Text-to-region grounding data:
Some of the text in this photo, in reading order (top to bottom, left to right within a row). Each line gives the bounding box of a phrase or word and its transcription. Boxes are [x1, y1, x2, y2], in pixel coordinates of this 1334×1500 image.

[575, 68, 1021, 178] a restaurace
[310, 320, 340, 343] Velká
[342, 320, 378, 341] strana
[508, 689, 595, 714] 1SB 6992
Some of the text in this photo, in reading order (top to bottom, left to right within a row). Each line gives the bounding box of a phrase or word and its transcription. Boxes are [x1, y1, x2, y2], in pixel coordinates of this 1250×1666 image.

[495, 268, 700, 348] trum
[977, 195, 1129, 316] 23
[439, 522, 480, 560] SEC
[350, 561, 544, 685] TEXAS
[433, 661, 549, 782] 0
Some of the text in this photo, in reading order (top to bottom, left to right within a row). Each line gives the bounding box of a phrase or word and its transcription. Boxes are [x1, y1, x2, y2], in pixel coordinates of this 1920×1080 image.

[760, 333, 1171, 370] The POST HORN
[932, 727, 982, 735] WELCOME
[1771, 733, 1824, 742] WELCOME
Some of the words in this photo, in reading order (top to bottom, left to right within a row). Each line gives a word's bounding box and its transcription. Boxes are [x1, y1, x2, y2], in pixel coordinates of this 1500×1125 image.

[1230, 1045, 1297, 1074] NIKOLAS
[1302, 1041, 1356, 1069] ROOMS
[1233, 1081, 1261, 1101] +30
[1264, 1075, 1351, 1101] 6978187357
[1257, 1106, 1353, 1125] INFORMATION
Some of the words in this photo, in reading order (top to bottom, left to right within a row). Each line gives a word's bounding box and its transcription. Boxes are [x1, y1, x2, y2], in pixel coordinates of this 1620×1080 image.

Task: The entries shown above should be copied out word for word.

Exercise output:
Some of the text in this photo, in reading order (top to bottom, left to right within a row). Each line gives the bounding box of a phrase or word and its transcription. Boxes are [x1, y1, x2, y2], in pixel coordinates of this 1334×1500 image.

[575, 68, 1021, 178] a restaurace
[310, 320, 340, 343] Velká
[342, 320, 378, 341] strana
[508, 689, 595, 714] 1SB 6992
Some of the text in this photo, in reading order (top to bottom, left to right within a row). Each line gives the bounding box of a phrase or word and its transcription. Boxes are [x1, y1, x2, y2], in pixel coordinates of this 1250×1666 image.

[495, 268, 700, 348] trum
[977, 195, 1129, 316] 23
[439, 522, 480, 560] SEC
[350, 561, 544, 685] TEXAS
[433, 661, 549, 782] 0
Some of the text in this photo, in reading order (top to bottom, left to right within a row). Each line gives the bounding box of a phrase or word and its transcription. Boxes are [x1, y1, x2, y2], in pixel coordinates of this 1920×1080 image.

[760, 333, 1171, 370] The POST HORN
[932, 727, 982, 735] WELCOME
[1771, 733, 1824, 742] WELCOME
Some of the words in this photo, in reading order (top to bottom, left to right within a row). Each line gives a word's bounding box and its transcription. Boxes are [x1, y1, x2, y2], in pixel coordinates of this 1500×1125 image.

[1230, 1045, 1297, 1074] NIKOLAS
[1302, 1041, 1356, 1069] ROOMS
[1233, 1081, 1261, 1101] +30
[1264, 1075, 1351, 1101] 6978187357
[1257, 1106, 1353, 1125] INFORMATION
Some of the words in this photo, in reading order (top to bottom, left to right within a row). Each line gives a word's bounding box and its transcription. Boxes are [x1, y1, x2, y2], in pixel coordinates of this 1620×1080 image.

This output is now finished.